§ **ASSIGNED TASK**
Give back the entries exactly as they read, leaving each image out.

==== PROVIDED RECORDS

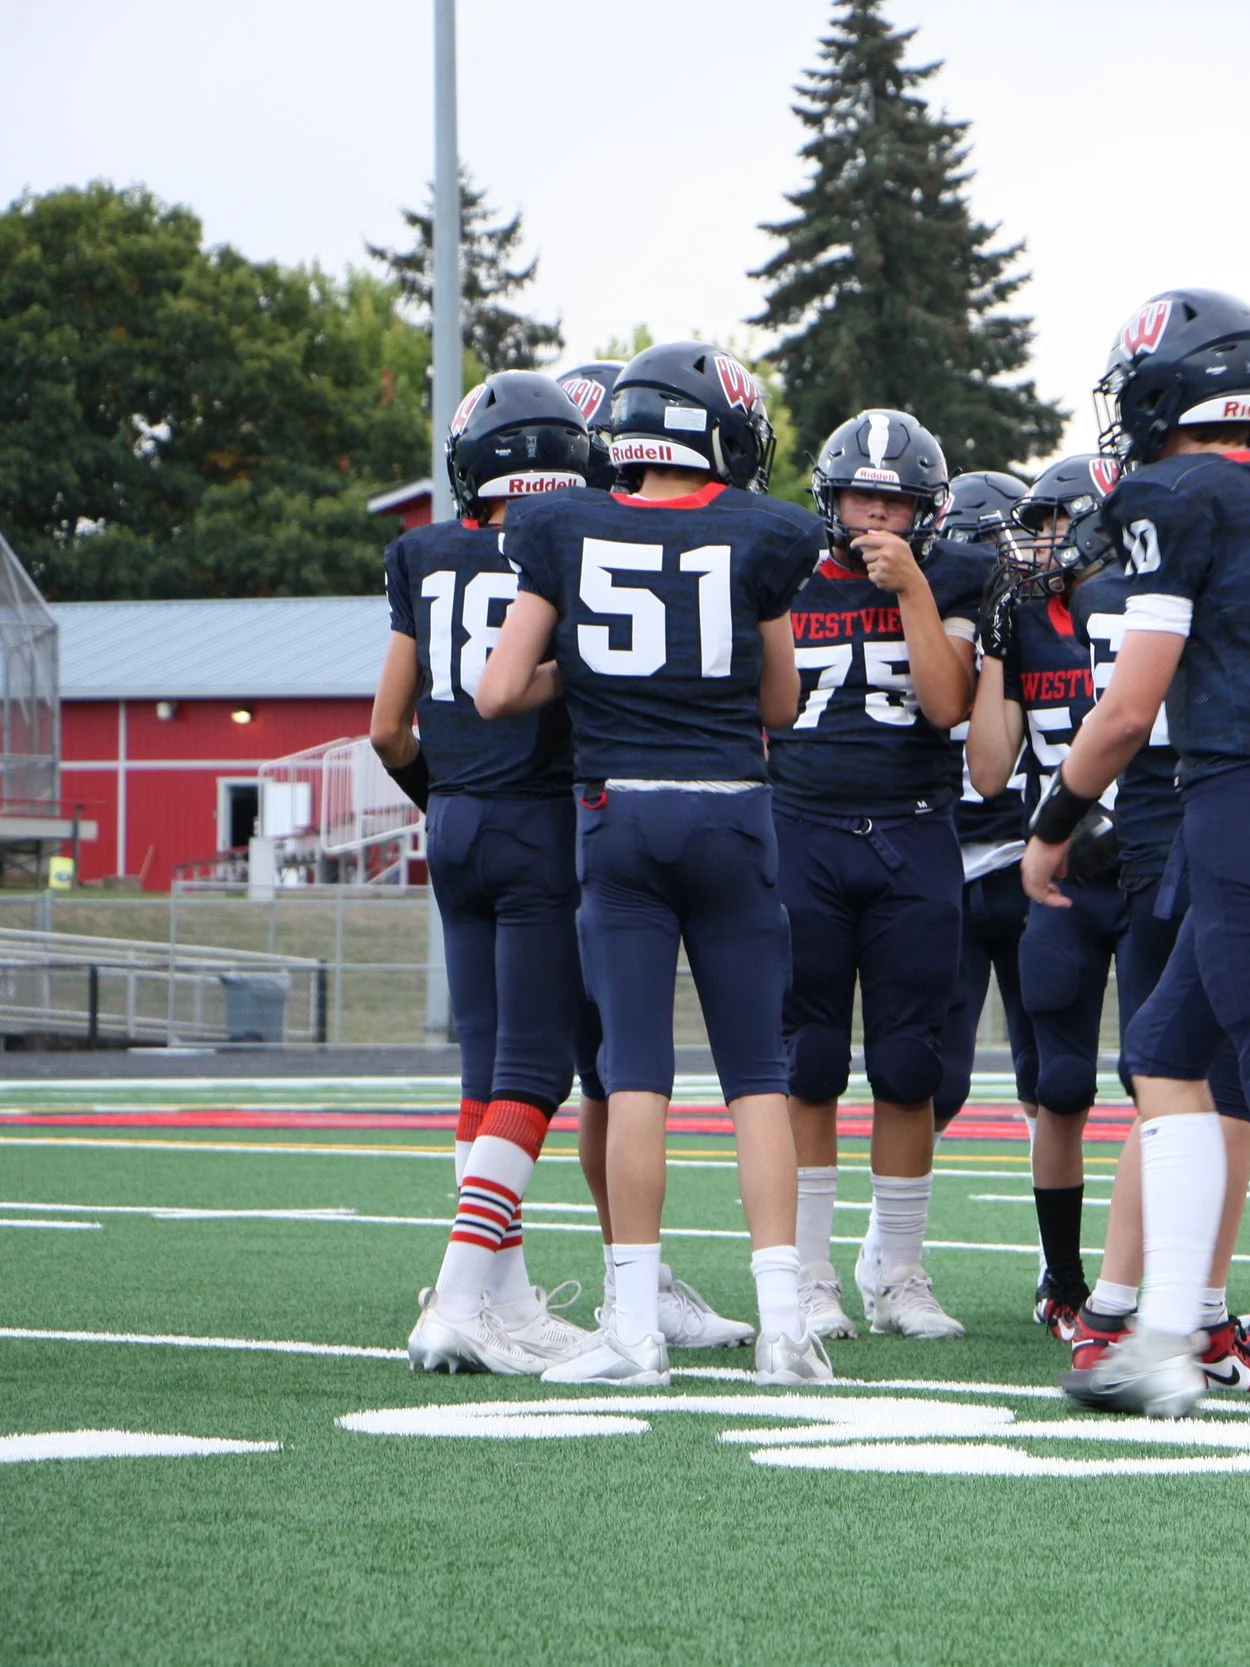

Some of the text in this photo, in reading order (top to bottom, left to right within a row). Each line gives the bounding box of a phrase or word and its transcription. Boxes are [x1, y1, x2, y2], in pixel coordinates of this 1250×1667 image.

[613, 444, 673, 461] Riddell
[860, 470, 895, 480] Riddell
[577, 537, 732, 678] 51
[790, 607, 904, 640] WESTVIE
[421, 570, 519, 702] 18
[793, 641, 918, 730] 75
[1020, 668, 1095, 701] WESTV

========

§ **SOLUTION FOR THIS EXERCISE**
Some of the text in this photo, in reading order (top to bottom, left to right within a row). Each line gives the bounding box of a phrase or word and its transcription. Boxes are [x1, y1, x2, y2], in pixel coordinates of this 1250×1667 image.

[613, 444, 673, 461] Riddell
[860, 470, 895, 480] Riddell
[577, 537, 732, 678] 51
[790, 607, 904, 640] WESTVIE
[421, 570, 519, 702] 18
[793, 641, 918, 730] 75
[1020, 668, 1095, 701] WESTV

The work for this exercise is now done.